__The task__: Every record below, from first to last, should be copied exactly; leave the pictures out.

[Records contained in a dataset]
——
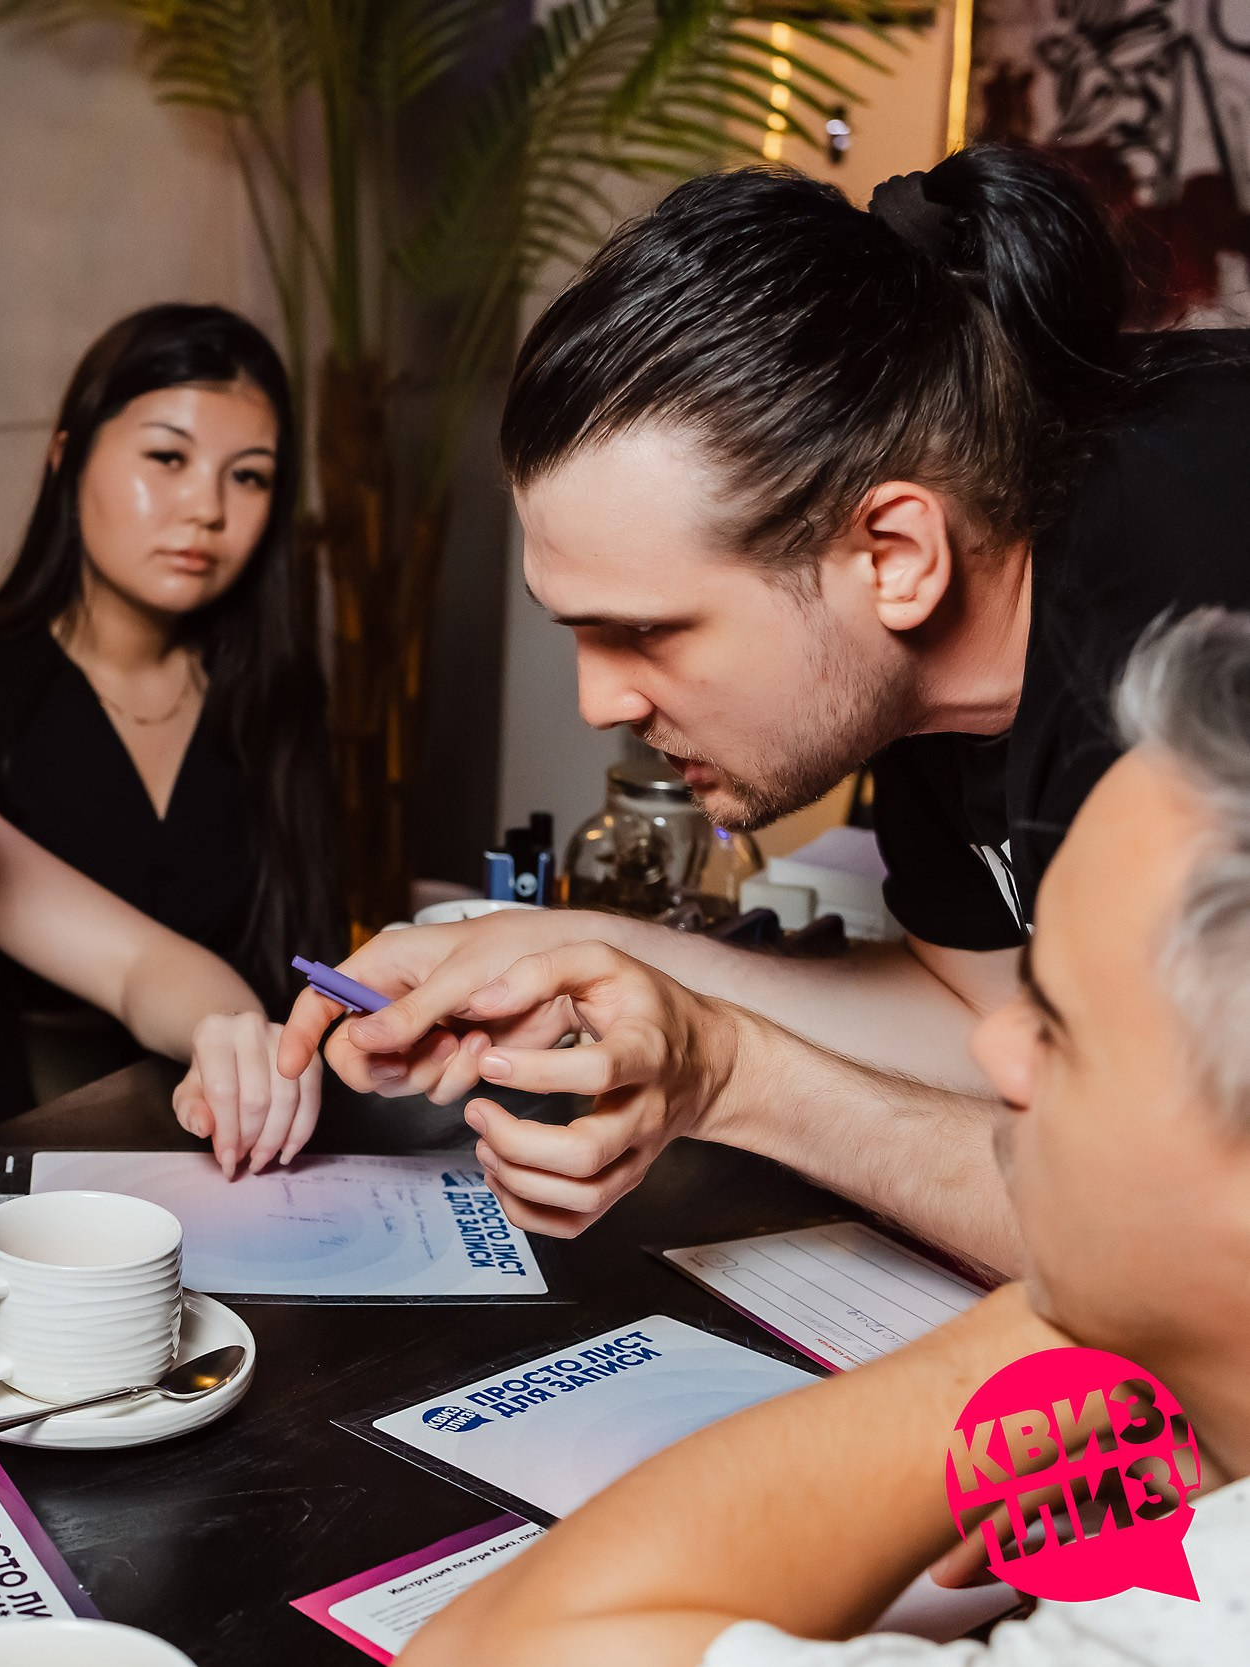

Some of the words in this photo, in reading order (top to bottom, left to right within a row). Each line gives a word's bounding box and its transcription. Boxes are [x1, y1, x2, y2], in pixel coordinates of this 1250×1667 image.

[442, 1191, 476, 1215] ДЛЯ
[472, 1192, 511, 1240] ПРОСТО
[456, 1218, 496, 1267] ЗАПИСИ
[490, 1243, 526, 1276] ЛИСТ
[465, 1359, 582, 1406] ПРОСТО
[578, 1331, 653, 1363] ЛИСТ
[489, 1387, 556, 1418] ДЛЯ
[548, 1347, 662, 1392] ЗАПИСИ
[388, 1567, 452, 1595] Инструкция
[453, 1561, 467, 1570] по
[467, 1552, 492, 1565] игре
[490, 1540, 521, 1553] Квиз,
[6, 1591, 53, 1620] ЛИ
——
__Reply__:
Some of the words in this photo, in reading order (top to bottom, left to right within a row). Each line gives a word's bounding box and its transcription. Boxes are [x1, y1, x2, y2], in pixel coordinates of this 1250×1667 image.

[442, 1191, 476, 1215] ДЛЯ
[472, 1192, 511, 1240] ПРОСТО
[456, 1218, 496, 1267] ЗАПИСИ
[490, 1243, 526, 1276] ЛИСТ
[465, 1359, 582, 1406] ПРОСТО
[578, 1331, 653, 1363] ЛИСТ
[489, 1387, 556, 1418] ДЛЯ
[548, 1347, 662, 1392] ЗАПИСИ
[388, 1567, 452, 1595] Инструкция
[453, 1561, 467, 1570] по
[467, 1552, 492, 1565] игре
[490, 1540, 521, 1553] Квиз,
[6, 1591, 53, 1620] ЛИ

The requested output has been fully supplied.